To read a fantasy novel is one thing; or to watch a fantasy movie. That may be a harmless, and even rejuvenating break from the stress and strain of daily life. But we know we are dealing with fantasy in that case. Things become problematic when the lines between fantasy and reality are blurred, as they are in the media’s fixation on spectacles and the worship of celebrities. Then fantasy becomes, not a healing break from stress and strain, but something pathological.
 
A royal wedding is broadcast on television world-wide? I couldn’t be less interested. Bread and circuses: keep the people entertained and distracted. And celebrity worship doesn’t do us any good either.
 
And weren’t we supposed to have left feudalism and the worship of monarchy behind some 250 years ago? Are we moderns, or are we, as John Lennon said, “still fucking peasants as far as I can see”? I think the answer is obvious.
 
I like a line from the film, Slaves of New York. We don’t have heroes anymore. We have people who are known for their knownness. Precisely.
 
If Martin Luther King Jr. was giving a speech, I wouldn’t miss it. But I wouldn’t cross the street to see a “royal wedding”.
 
Rather than listening to, reading, or watching drivel and pap – for example, royal galas, in an orgy of voyeurism and vicarious living, which only shows the hollowness of our souls – I think we would be better off listening to this: American Dream – one of the great speeches by the reverend (and that is not a title, but a quality of spirit) Martin Luther King Jr., or any of the words of the truly great souls of humanity.
 
The words of great leaders, thinkers, scholars and sages should be our focus, along with meaningful action based in love; not flights of fantasy into celebrity fixation, or some other trivia that the media is peddling, like opium laced with cyanide.
 
I have a dream, and it is not to be a princess or a prince, but to see the world live in peace, as brothers and sisters, in justice and freedom, in ecological sanity, under constitutional democracy, and with wisdom and love.
 
I think that is a dream worth having, worth holding dear, and worth working toward and fighting for. And I think dealing with reality is preferable to living in fantasy, for it is only by dealing with reality that such a dream can, and will, become manifest.
 
I think we should turn away from celebrity worship and vicarious living, and live our own lives, and make them regal and majestic, with dignity and humility in balance, and with an awareness of the equality of all men and women: and build a better world for all – not in the fantasy world of our imaginings, but in reality.
 
That is a dream worth celebrating. And television fantasies and princess fairy tales, or prince fixations, or other forms of celebrity worship and distraction, can never, and will never, accomplish that.
 
JTR,
 
May 19, 2018
 
 

 

 

Will Ferrell does a mock music video of gangster rap – and it’s a scathingly hilarious critique of the genre

Posted in Uncategorized with tags , , , , , , , , , , , , , , , , , , , , , , , , , , , , , , , , , , , , , , , , , , , , , on October 28, 2015 by jtoddring

A musical commentary, followed by social and political analysis, followed by hilarious spoof rap videos, and more

This is scathingly funny. Will Ferrell does a mock music video of macho gangster rap.

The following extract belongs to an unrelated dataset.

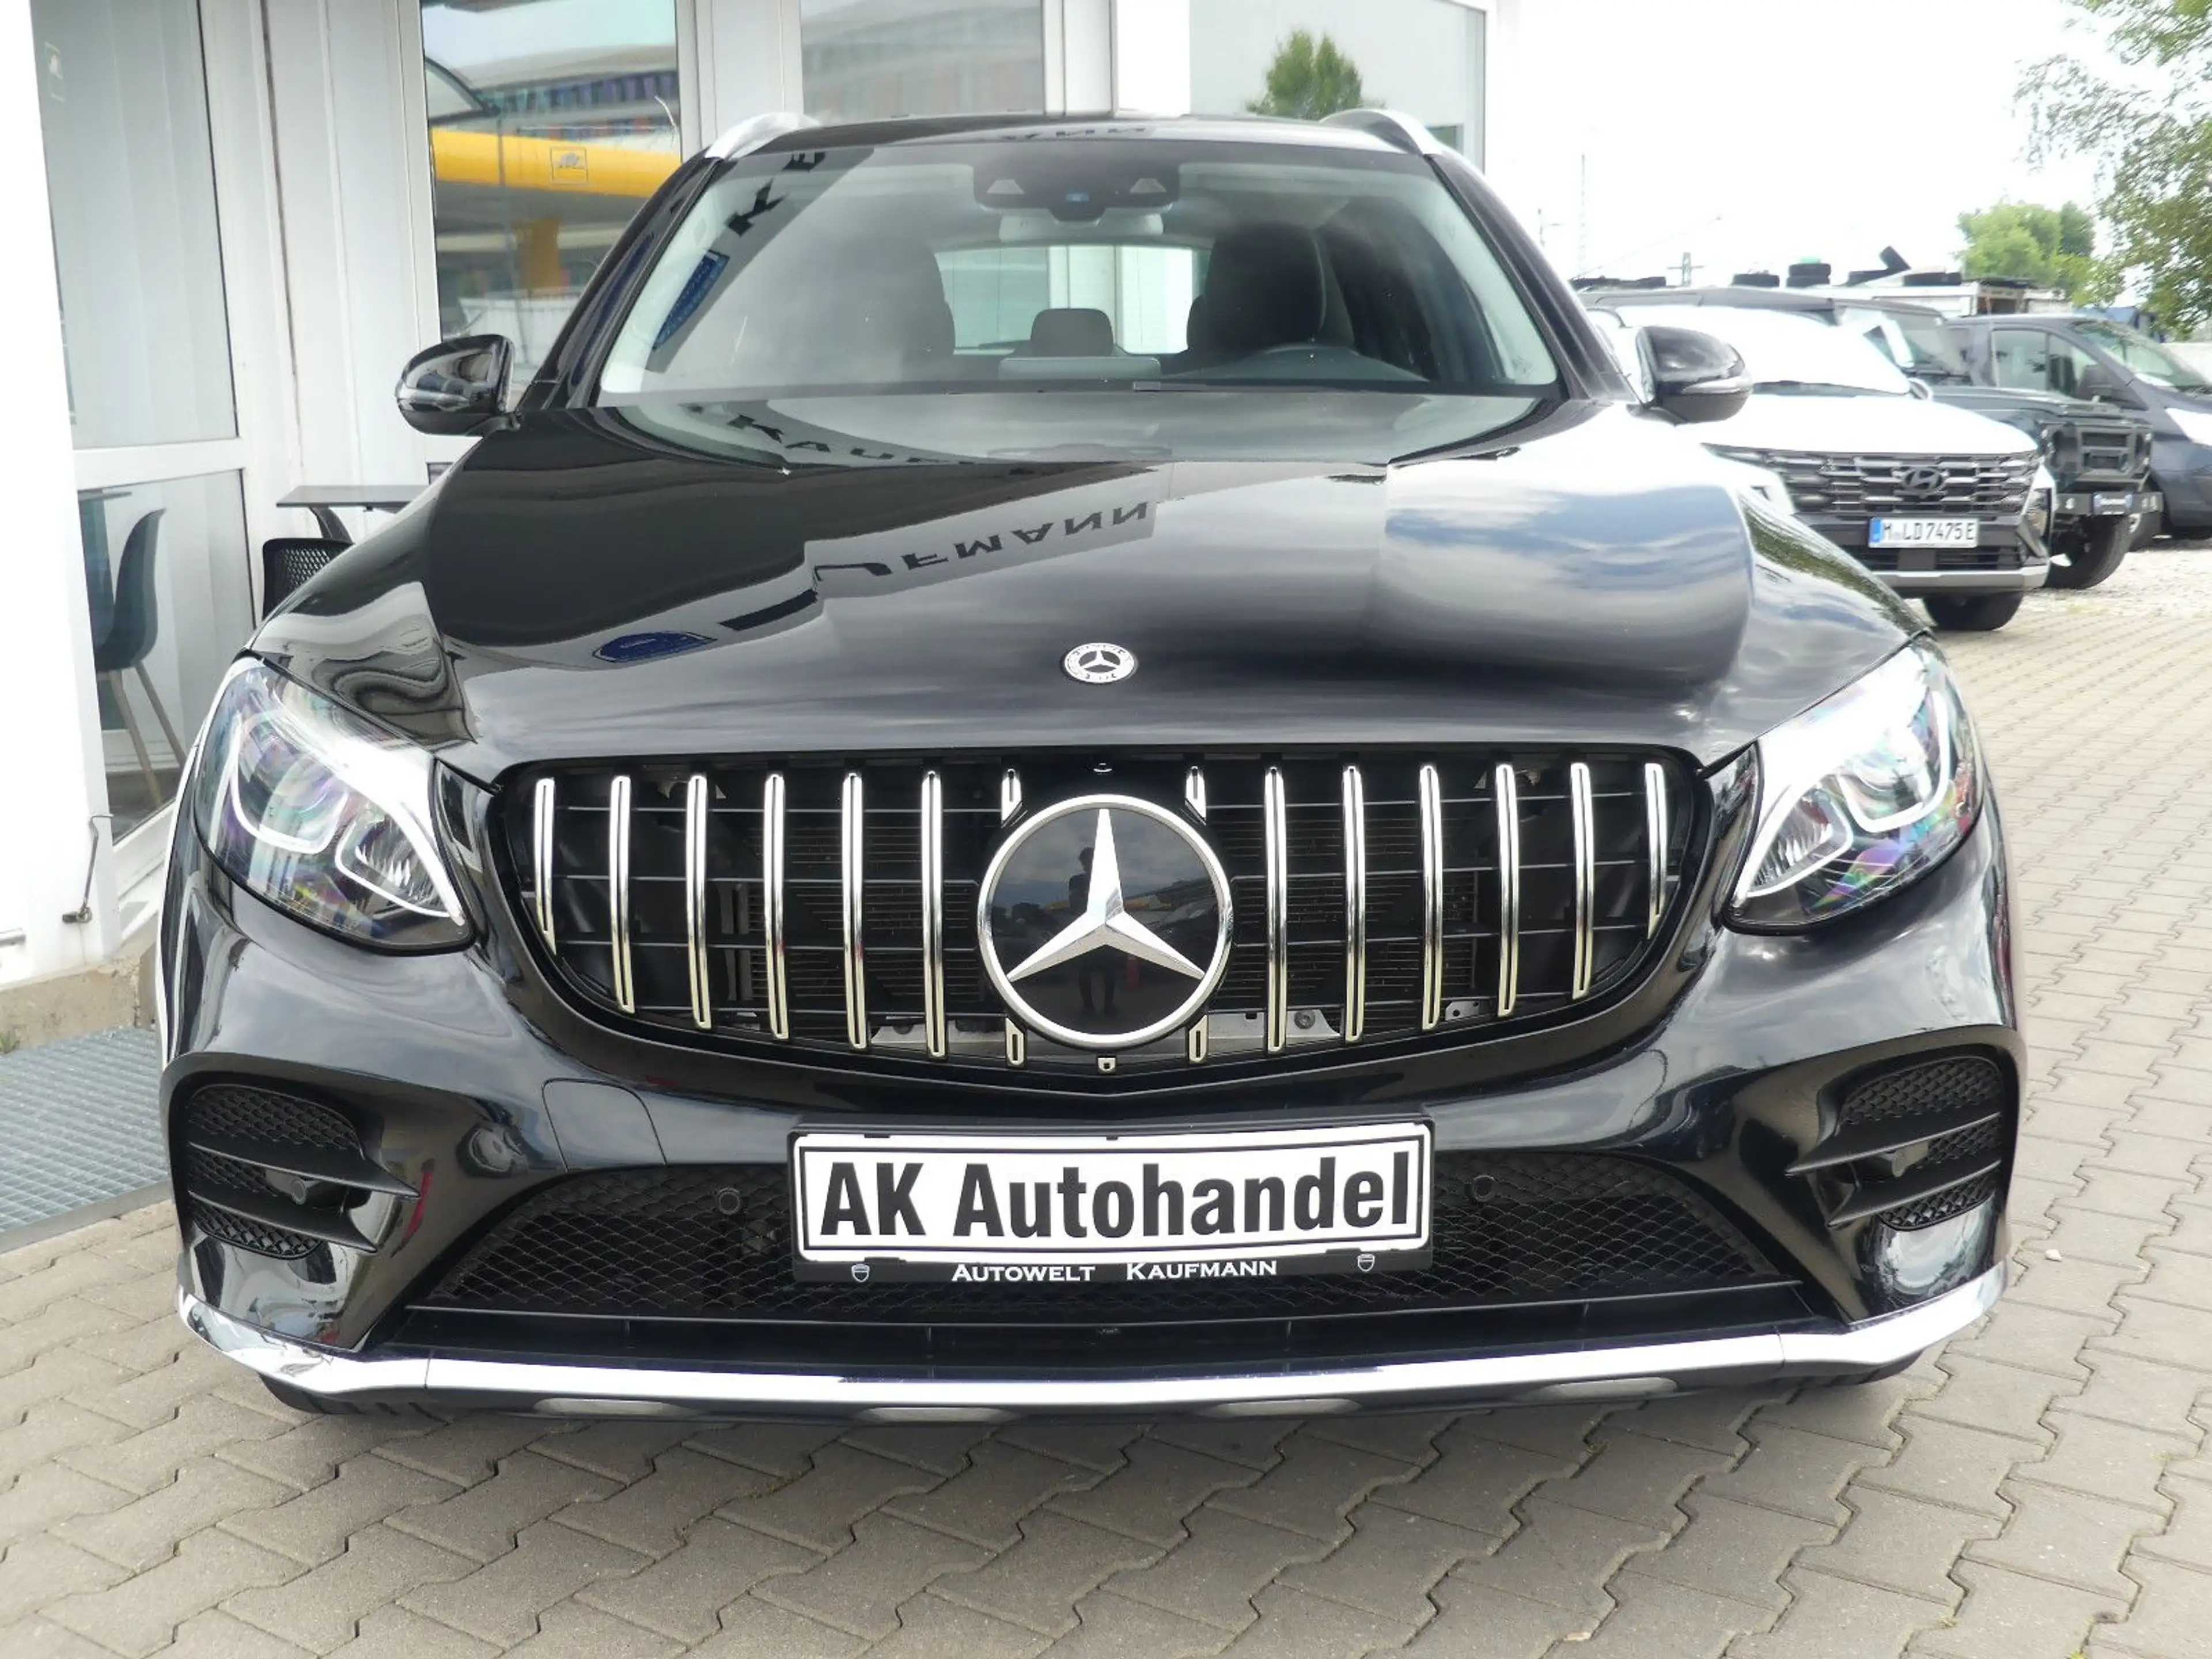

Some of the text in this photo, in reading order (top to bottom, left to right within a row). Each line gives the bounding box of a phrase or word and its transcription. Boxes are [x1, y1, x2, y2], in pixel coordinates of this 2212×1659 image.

[820, 1152, 1409, 1238] AK Autohandel
[952, 1260, 1277, 1282] AUTOWELT KAUFMANN

Man, how I despise that music. As Rage Against the Machine said, “So-called rap’s a fraud.” Worse, most of it is disgustingly offensive, as well as hollow and noxious.

The majority of it is macho, sexist, hate-filled, poser pablum that screams insecure, status-seeking, pre-teen angst and a desire to be “big” – in all the wrong ways, and with nothing to say and nowhere to go but down.

Bob Marley would roll in his grave. Angry and misguided, emotionally disturbed twelve-year-olds with an attitude problem could be forgiven for liking this music, but that’s about all. Only new country and death metal can compete with such sleazy, aggressive, pretentious garbage for the “first into the sewer” rankings.

At least new country is simply vacant, vacuous and vapid, overly commercialized twaddle and wallpaper music, worthy only of playing in elevators, and for a maximum of fifteen seconds, but as unoffensive as it is bland and banal, like a harmless old shoe – death metal and gangster rap are psychologically disturbed and disturbing, and morally bankrupt.

Give me old-school R&B, jazz, blues, soul, reggae, classic rock or classic country, gospel, classical, funk, punk, scat, ska, swing, big band, folk, Latin, electronica, chant or even opera, but spare me that macho rap crap shite!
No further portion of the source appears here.